The required output is the line with "this 1418×1416 image." plus all lines that follow it to the end of the listing below, written out exactly, with no pictures.

■ ■ ■ ■ ■ ■ ■

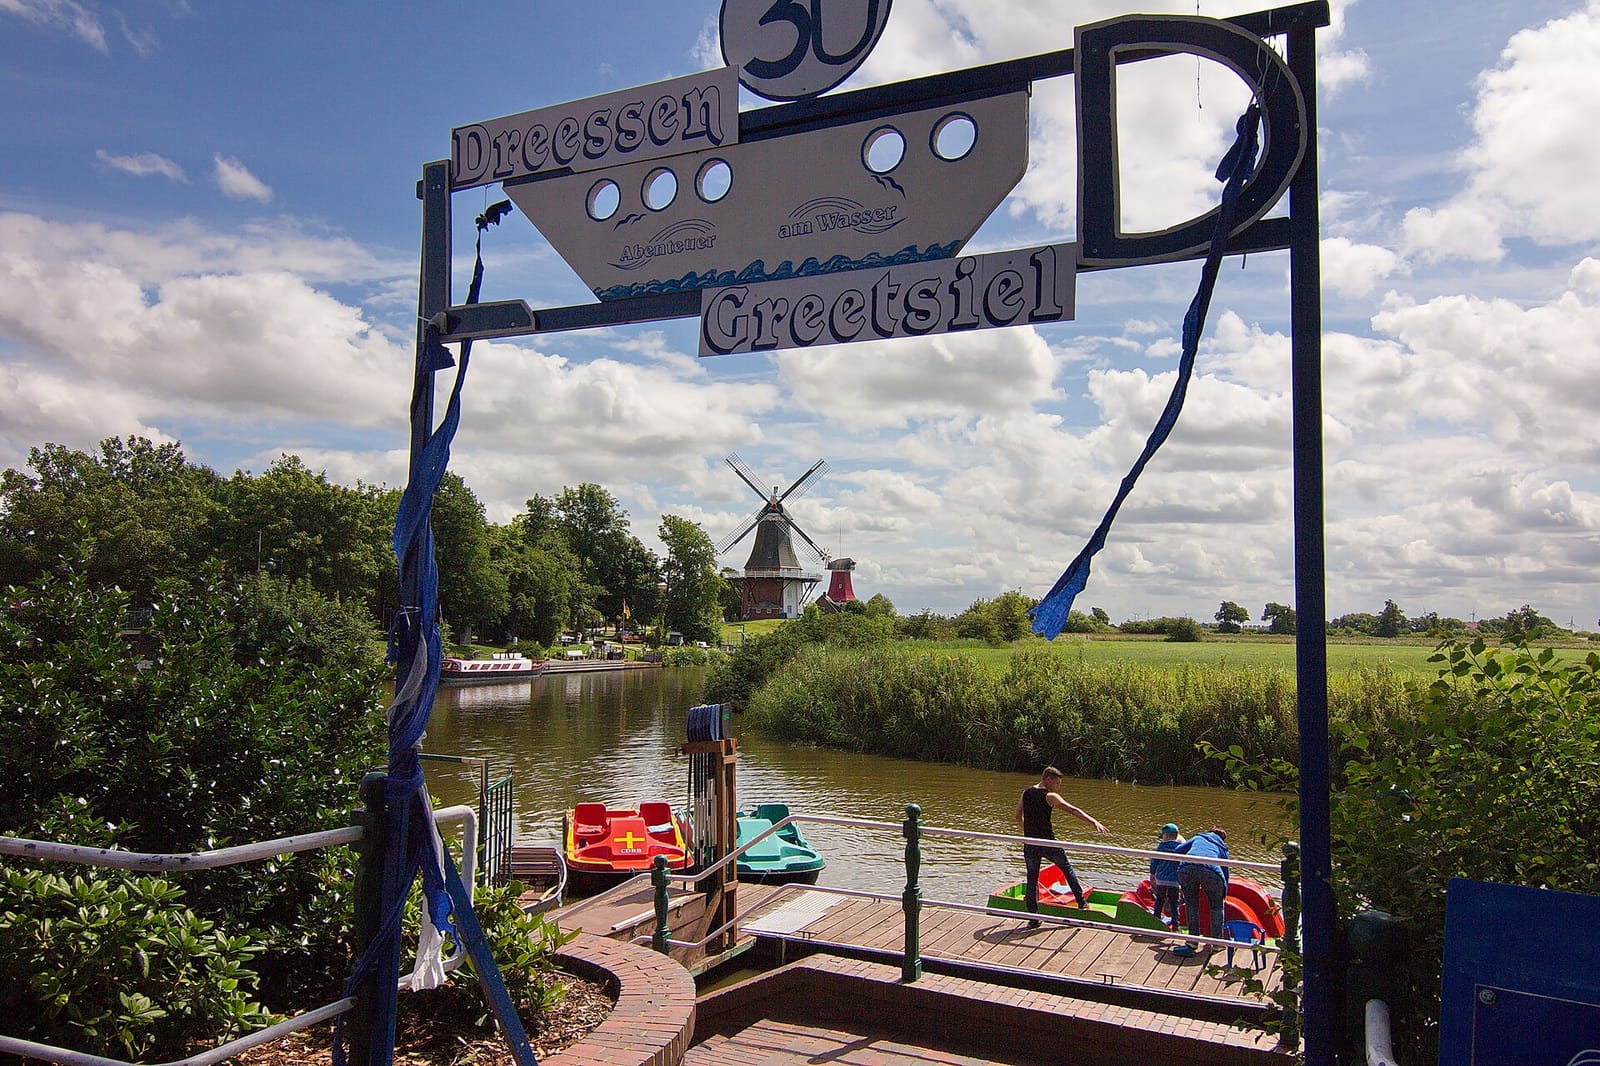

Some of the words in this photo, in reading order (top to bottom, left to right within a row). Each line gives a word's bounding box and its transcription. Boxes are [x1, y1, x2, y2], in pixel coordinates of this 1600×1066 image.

[453, 86, 724, 184] Dreessen
[620, 233, 717, 262] Abenteuer
[778, 220, 813, 239] am
[816, 205, 897, 231] Wasser
[703, 246, 1063, 355] Greetsiel
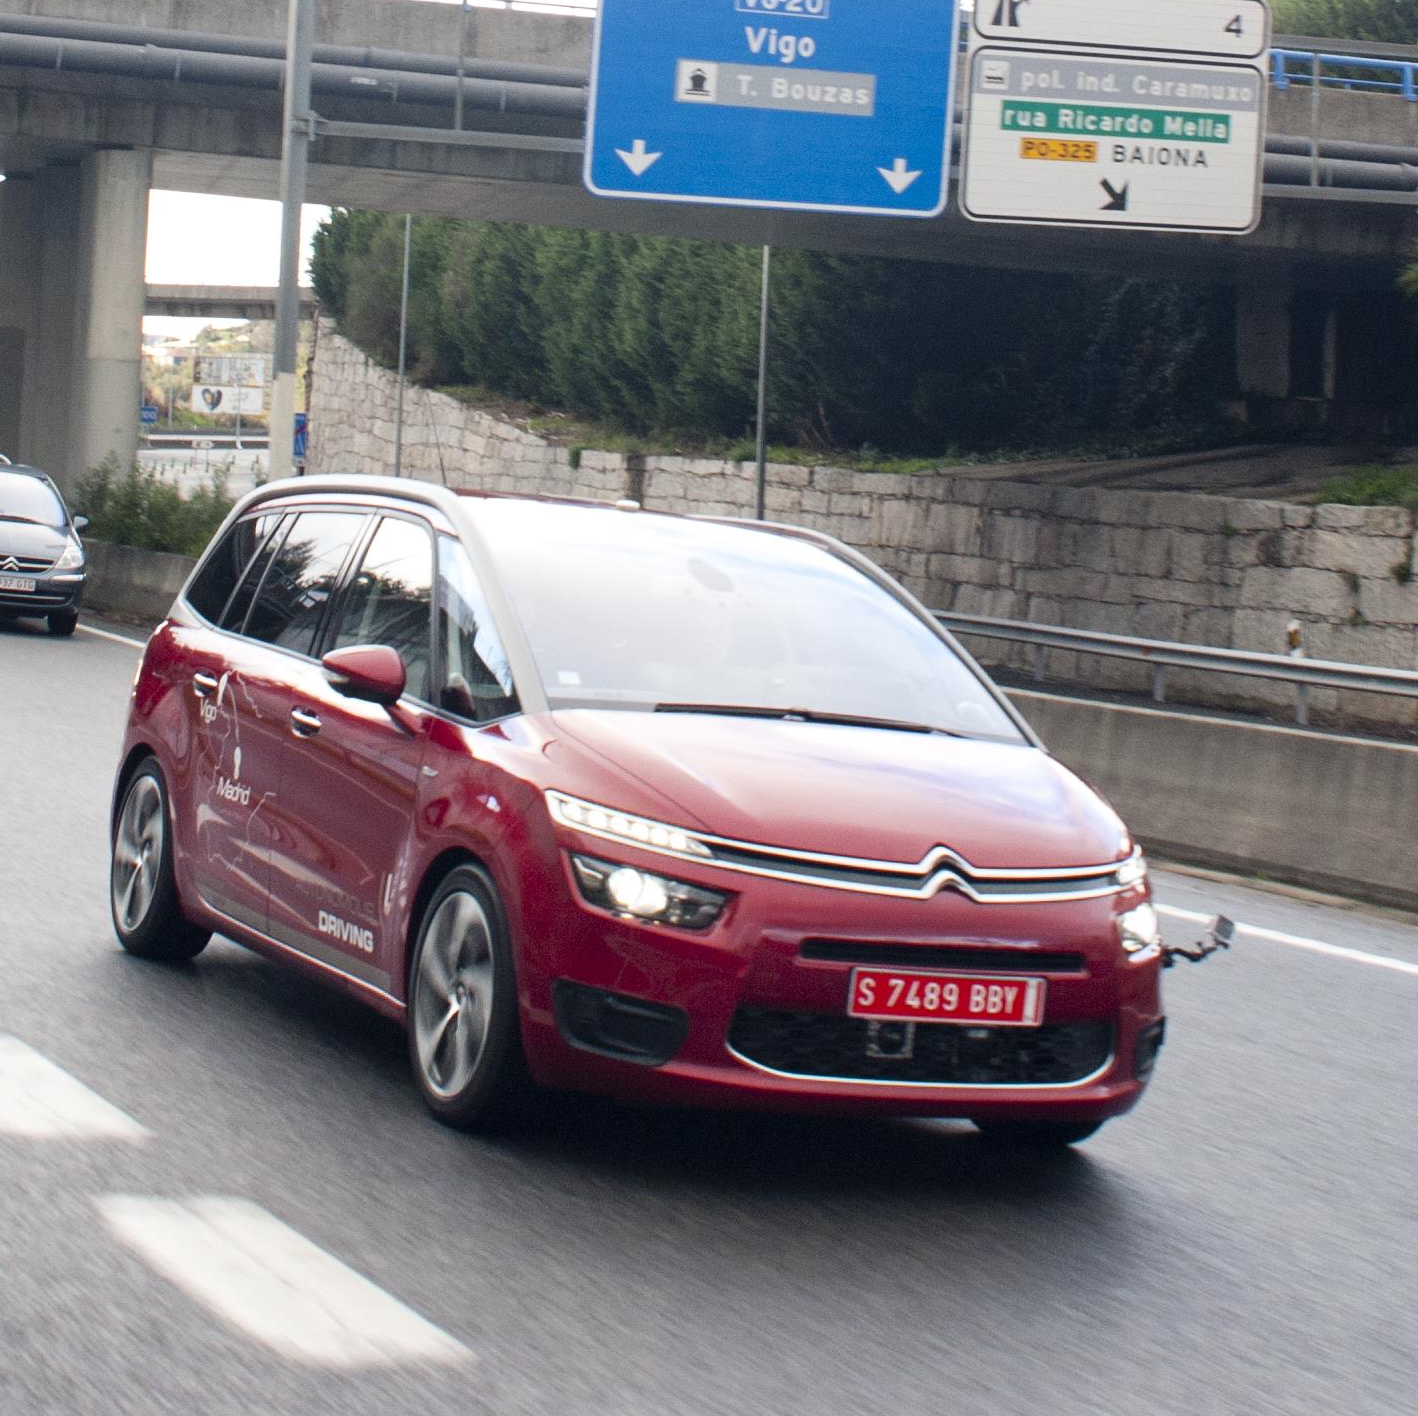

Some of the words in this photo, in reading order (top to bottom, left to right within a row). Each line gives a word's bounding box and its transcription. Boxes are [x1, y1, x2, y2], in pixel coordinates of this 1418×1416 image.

[1225, 15, 1242, 38] 4
[744, 26, 816, 64] Vigo
[737, 74, 759, 97] T.
[771, 78, 870, 106] Bouzas
[1021, 70, 1064, 92] pol.
[1077, 72, 1121, 93] ind.
[1133, 75, 1254, 102] Caramuxo
[1003, 108, 1047, 128] rua
[1058, 109, 1154, 134] Ricardo
[1163, 116, 1229, 139] Mella
[1023, 140, 1096, 161] PO-325
[1113, 145, 1209, 168] BAIONA
[200, 698, 218, 723] Vigo
[217, 776, 251, 806] Madrid
[318, 909, 374, 954] DRIVING
[857, 977, 877, 1007] S
[886, 978, 959, 1012] 7489
[968, 983, 1019, 1014] BBY
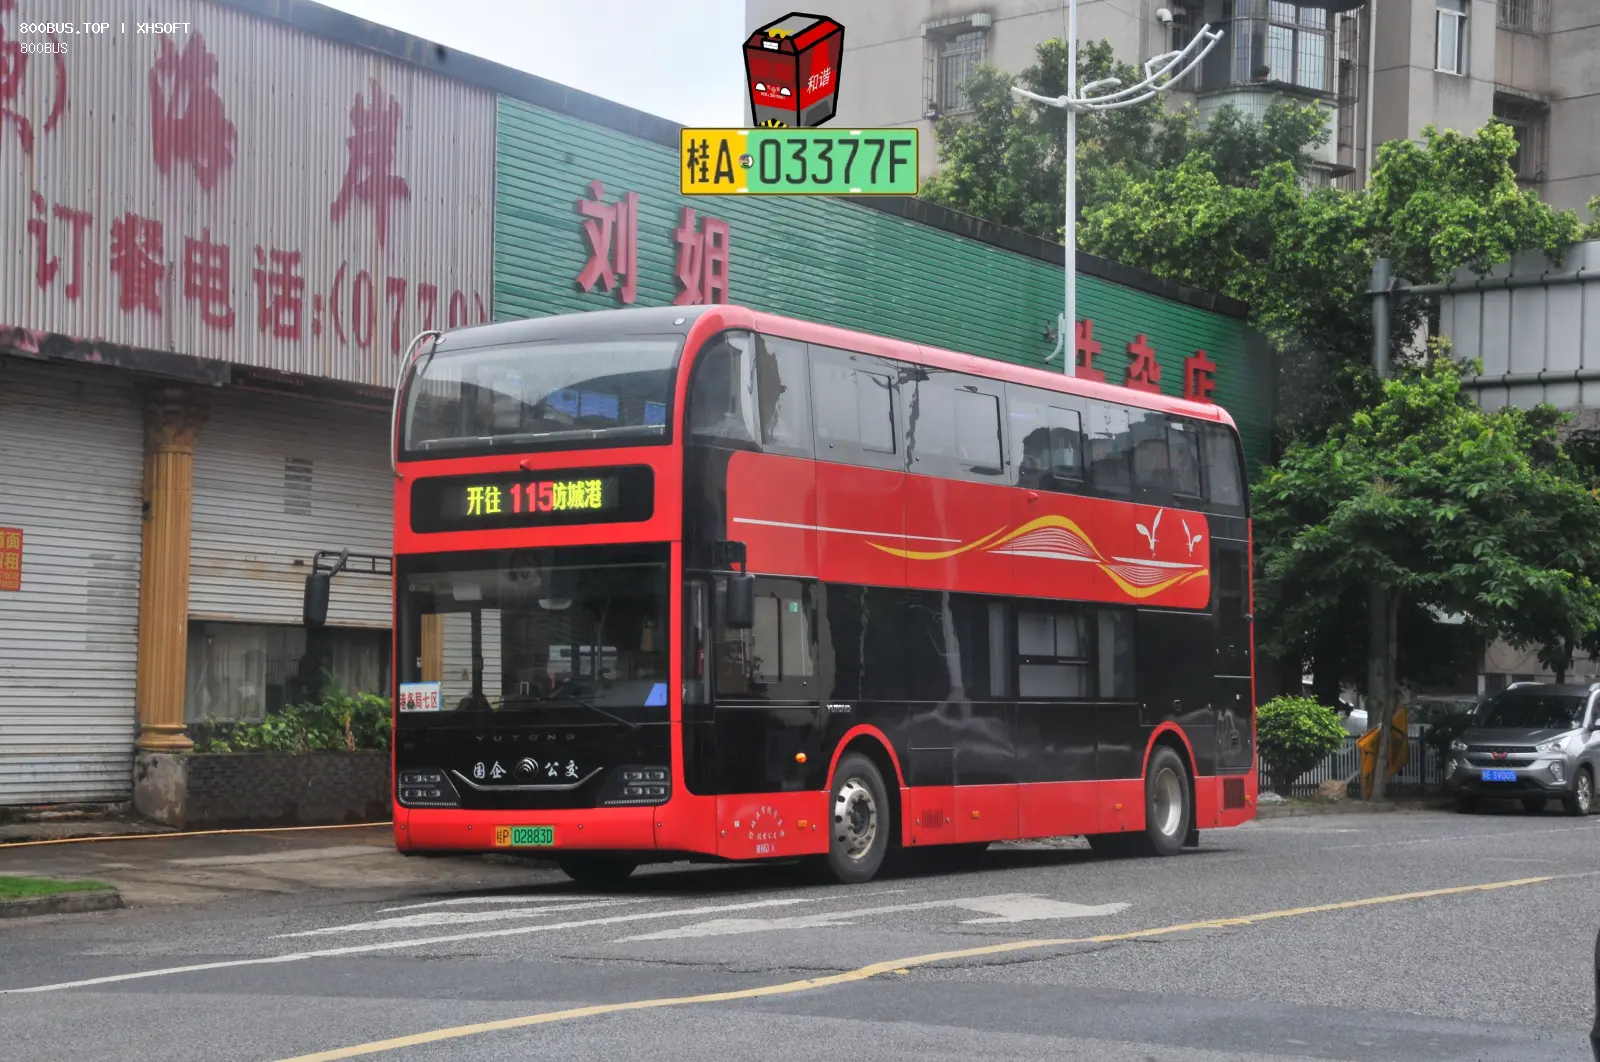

■ ■ ■ ■ ■ ■ ■

→ SOLUTION:
Some of the words in this photo, in reading order (top to bottom, left to right within a row). Each line gives a word's bounding box and its transcription. Boxes are [x1, y1, x2, y2], in pixel coordinates of this 1418×1416 image.

[1225, 15, 1242, 38] 4
[744, 26, 816, 64] Vigo
[737, 74, 759, 97] T.
[771, 78, 870, 106] Bouzas
[1021, 70, 1064, 92] pol.
[1077, 72, 1121, 93] ind.
[1133, 75, 1254, 102] Caramuxo
[1003, 108, 1047, 128] rua
[1058, 109, 1154, 134] Ricardo
[1163, 116, 1229, 139] Mella
[1023, 140, 1096, 161] PO-325
[1113, 145, 1209, 168] BAIONA
[200, 698, 218, 723] Vigo
[217, 776, 251, 806] Madrid
[318, 909, 374, 954] DRIVING
[857, 977, 877, 1007] S
[886, 978, 959, 1012] 7489
[968, 983, 1019, 1014] BBY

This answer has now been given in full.